### What to produce
Transcribe all the data below exactly, leaving its pictures out.

***** Stored data *****

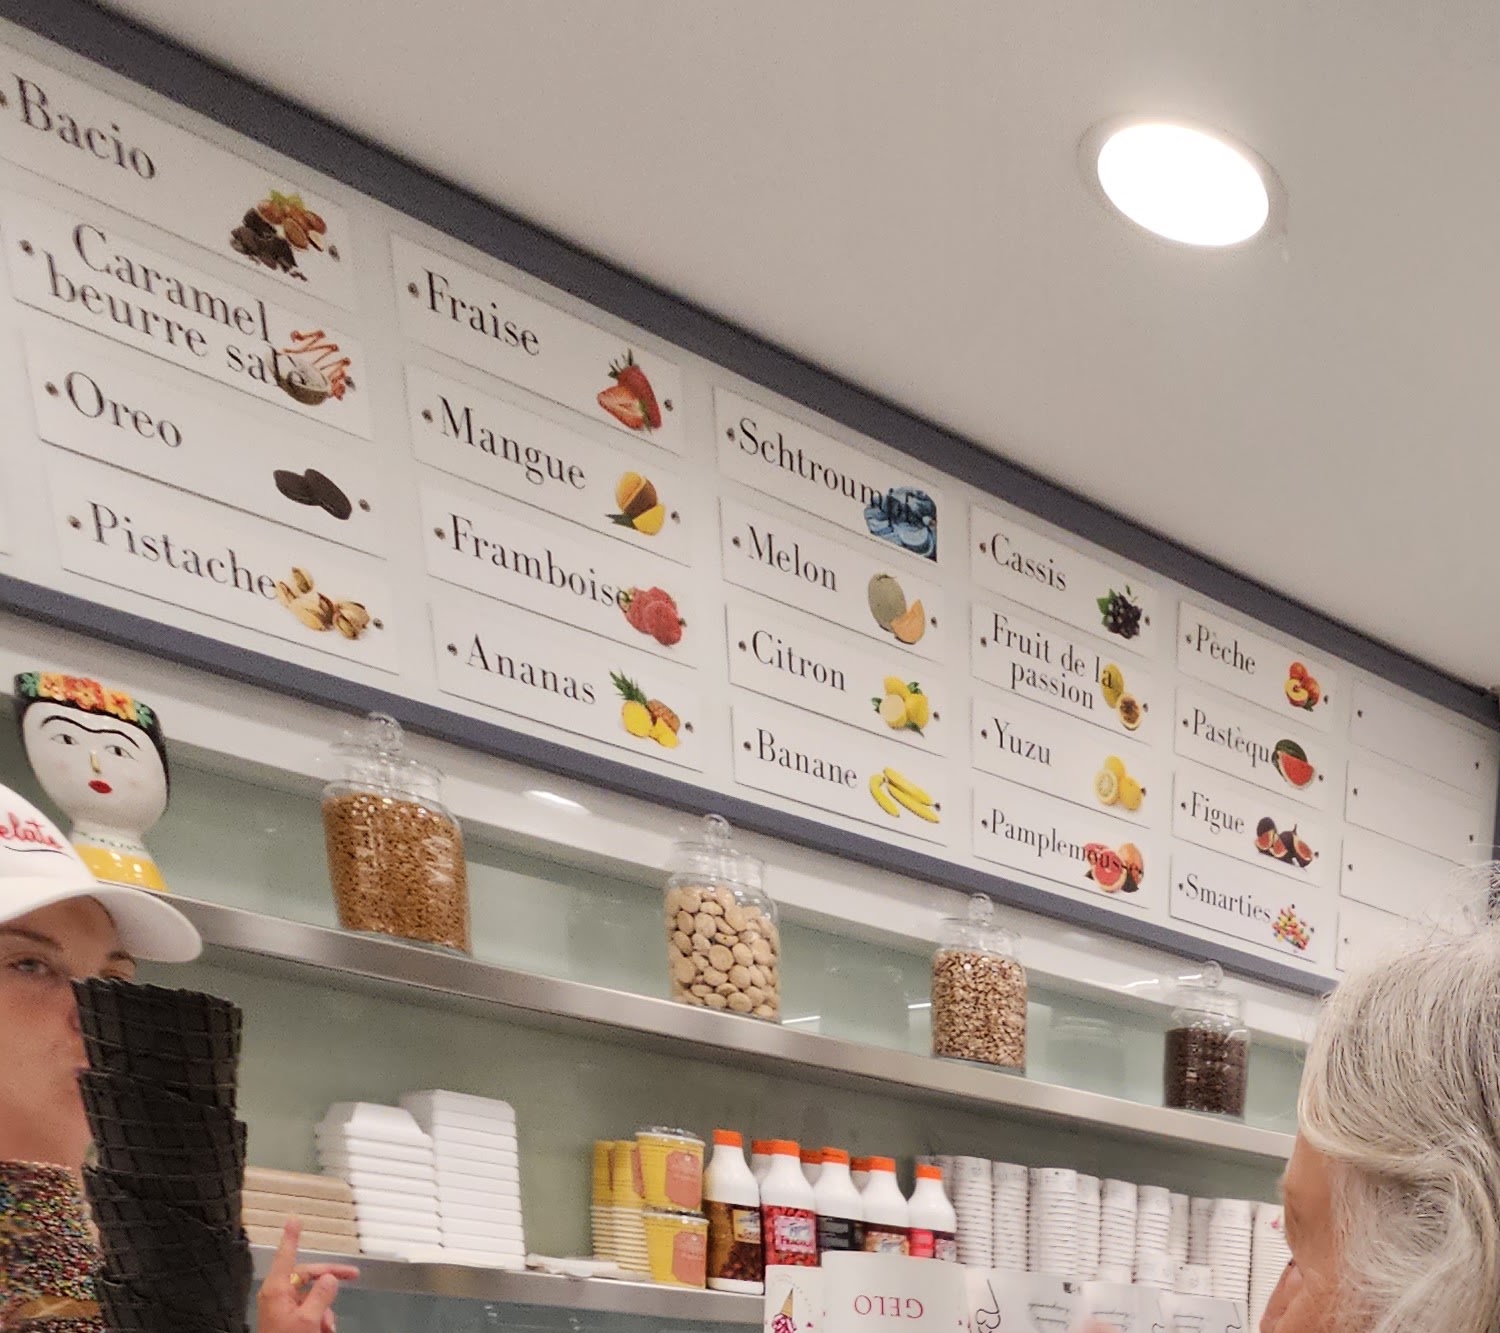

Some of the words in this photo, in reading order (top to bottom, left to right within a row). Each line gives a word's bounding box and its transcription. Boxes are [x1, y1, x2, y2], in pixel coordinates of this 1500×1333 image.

[11, 72, 156, 181] Bacio
[45, 249, 208, 357] beurre
[72, 223, 270, 341] Caramel
[422, 267, 540, 356] Fraise
[64, 371, 183, 448] Oreo
[437, 395, 586, 490] Mangue
[87, 500, 279, 600] Pistache
[449, 512, 632, 612] Framboise
[747, 524, 838, 592] Melon
[991, 533, 1067, 592] Cassis
[465, 633, 597, 705] Ananas
[752, 630, 847, 692] Citron
[993, 612, 1052, 664] Fruit
[1061, 645, 1085, 677] de
[1095, 656, 1113, 690] la
[1011, 661, 1095, 711] passion
[756, 728, 858, 789] Banane
[993, 718, 1052, 767] Yuzu
[1193, 707, 1275, 768] Pastèqu
[1191, 791, 1245, 835] Figue
[1186, 873, 1272, 923] Smarties
[854, 1294, 924, 1320] GELO

*****

### Response below
Some of the words in this photo, in reading order (top to bottom, left to right within a row). Each line gives a word's bounding box and its transcription. Boxes are [x1, y1, x2, y2], in pixel coordinates of this 1500×1333 image.

[11, 72, 156, 181] Bacio
[45, 249, 208, 357] beurre
[72, 223, 270, 341] Caramel
[422, 267, 540, 356] Fraise
[64, 371, 183, 448] Oreo
[437, 395, 586, 490] Mangue
[87, 500, 279, 600] Pistache
[449, 512, 632, 612] Framboise
[747, 524, 838, 592] Melon
[991, 533, 1067, 592] Cassis
[465, 633, 597, 705] Ananas
[752, 630, 847, 692] Citron
[993, 612, 1052, 664] Fruit
[1061, 645, 1085, 677] de
[1095, 656, 1113, 690] la
[1011, 661, 1095, 711] passion
[756, 728, 858, 789] Banane
[993, 718, 1052, 767] Yuzu
[1193, 707, 1275, 768] Pastèqu
[1191, 791, 1245, 835] Figue
[1186, 873, 1272, 923] Smarties
[854, 1294, 924, 1320] GELO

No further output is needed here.